*EXERCISE REQUIREMENTS*
Should an entry contain an image, leave the image out and repeat the entry's text exactly.

*Phrase grounding data*
Segment Open

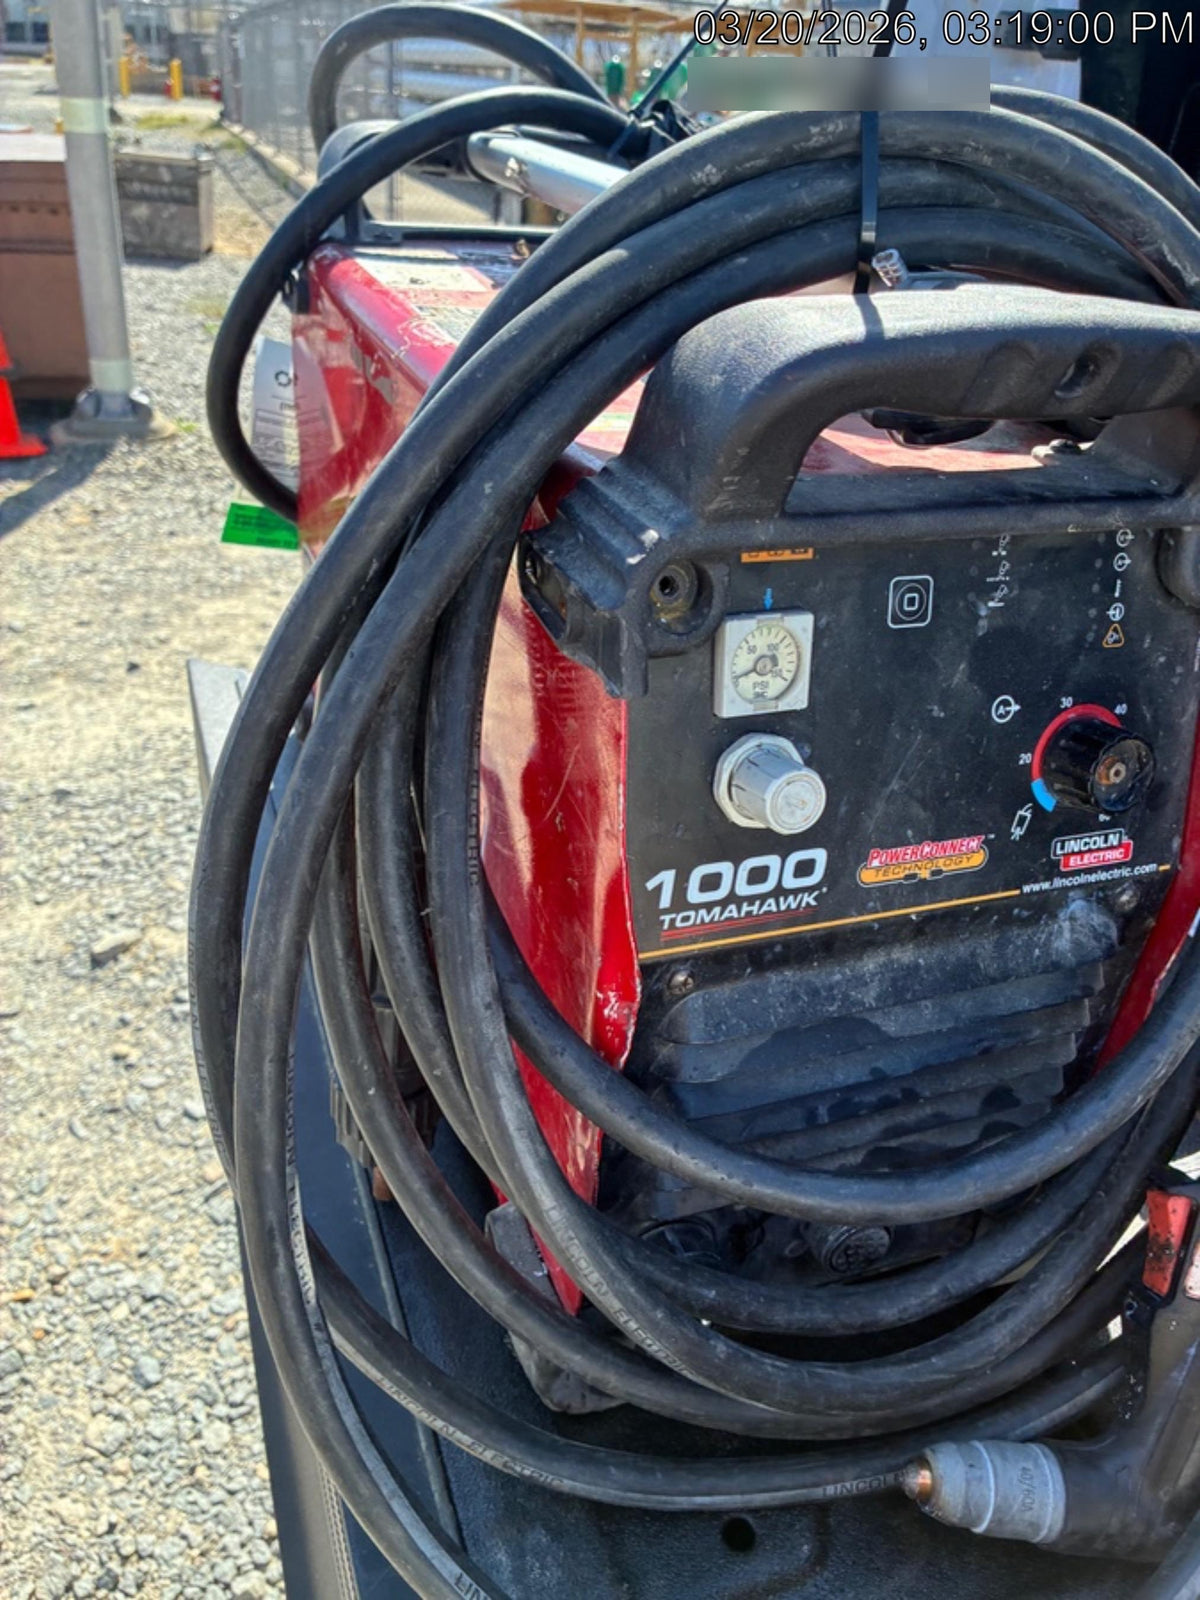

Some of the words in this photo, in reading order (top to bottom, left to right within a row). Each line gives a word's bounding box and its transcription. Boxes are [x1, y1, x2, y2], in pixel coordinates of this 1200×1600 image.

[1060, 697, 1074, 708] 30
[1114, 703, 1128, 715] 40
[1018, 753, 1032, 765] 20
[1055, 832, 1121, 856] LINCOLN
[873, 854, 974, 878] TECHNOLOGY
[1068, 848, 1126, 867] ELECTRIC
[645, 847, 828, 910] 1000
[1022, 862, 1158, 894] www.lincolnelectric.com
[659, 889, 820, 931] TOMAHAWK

Segment Closed

*THE COMPLETED TASK*
Some of the words in this photo, in reading order (top to bottom, left to right within a row). Each line gives a word's bounding box and its transcription. Boxes are [x1, y1, x2, y2], in pixel coordinates of this 1200×1600 image.

[1060, 697, 1074, 708] 30
[1114, 703, 1128, 715] 40
[1018, 753, 1032, 765] 20
[1055, 832, 1121, 856] LINCOLN
[873, 854, 974, 878] TECHNOLOGY
[1068, 848, 1126, 867] ELECTRIC
[645, 847, 828, 910] 1000
[1022, 862, 1158, 894] www.lincolnelectric.com
[659, 889, 820, 931] TOMAHAWK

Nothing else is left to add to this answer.